Then, Mark had to give a talk on Sunday in primary.  Adam is usually the go to guy to help the kids with their talks.  He sort of interviews them on the topic to get them thinking and then, depending on how old they are, he'll either write down their responses or guide them to do the same.

Adam was gone so I helped Mark.

I asked him questions about his topic.  I wrote down his responses.  I brought up a few ideas.  He soundly dismissed them all.

After Adam got home, Mark worked on his talk with his dad.  Adam made the same suggestions I had made...practically word for word.  Mark readily agreed.

I don't want you to think this bothered me though.  Or that I even mentioned it.  I never try to make my kids feel guilty when they boost my morale in such stunning ways.  Not me.

Sunday night, I was heading to bed and Adam said that he was going to go downstairs and read.

"What are you reading?" I asked.

He gave me a little smile and said, "I don't know, some book about potato peels and societies..."

Ha ha.  Funny man.  I loved and adored The Guernsey Literary and Potato Peel Pie Society and I thought Adam would too.  He, naturally, has not taken my suggestion.
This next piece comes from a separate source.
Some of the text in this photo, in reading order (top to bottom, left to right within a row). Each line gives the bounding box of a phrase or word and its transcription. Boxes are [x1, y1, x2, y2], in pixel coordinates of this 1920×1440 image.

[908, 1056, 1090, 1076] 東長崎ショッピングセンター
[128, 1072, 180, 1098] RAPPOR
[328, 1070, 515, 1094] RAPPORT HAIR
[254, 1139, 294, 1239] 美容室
Adam told me that I should try a new tactic.  Since I'm so brilliant at getting people to avoid my recommendations, I should advocate for things I dislike so they'll eventually be completely avoided by everyone.

I'll do what I can.

May I suggest corndogs?  They're lovely (bleck) and delicious (not really).  You should really eat them all the time (if you want to be sick).

In the future look for my recommendations on Starburst (even the smell makes me nauseous) and Skittles (ditto) and I will sing the praises of Walmart, my favorite store (to avoid).

What do you think?  Is it something I should try?

Monday, July 18, 2011

Mark and Me Against the World



There will be several times this summer when Braeden and Emma are gone and Mark and I are on our own.  Friday was one of those days.

We went to the Children's Museum which Braeden and Emma have been too old for for a long time and Mark is very nearly too old for.

I cautioned him not to trample toddlers.  I explained how big and scary he is to them.  I described their limited ability to get out of his way.

I mostly wanted to avoid glares from their mothers pointed in my direction.

Oh, and I didn't want any toddlers trampled.  That too.

What I didn't prepare for was the the eventuality that Mark would spend 45 minutes in the plane.

45 minutes.



He flew to Chicago.  He orchestrated and then avoided a whole lot of turbulence.  He cautioned all the passengers to buckle their seatbelts.  He served food.  I sat on a bench outside the plane, berating myself for not bringing a book to read.  The last time we went to the Children's Museum, Mark was much younger and I needed to be more involved. 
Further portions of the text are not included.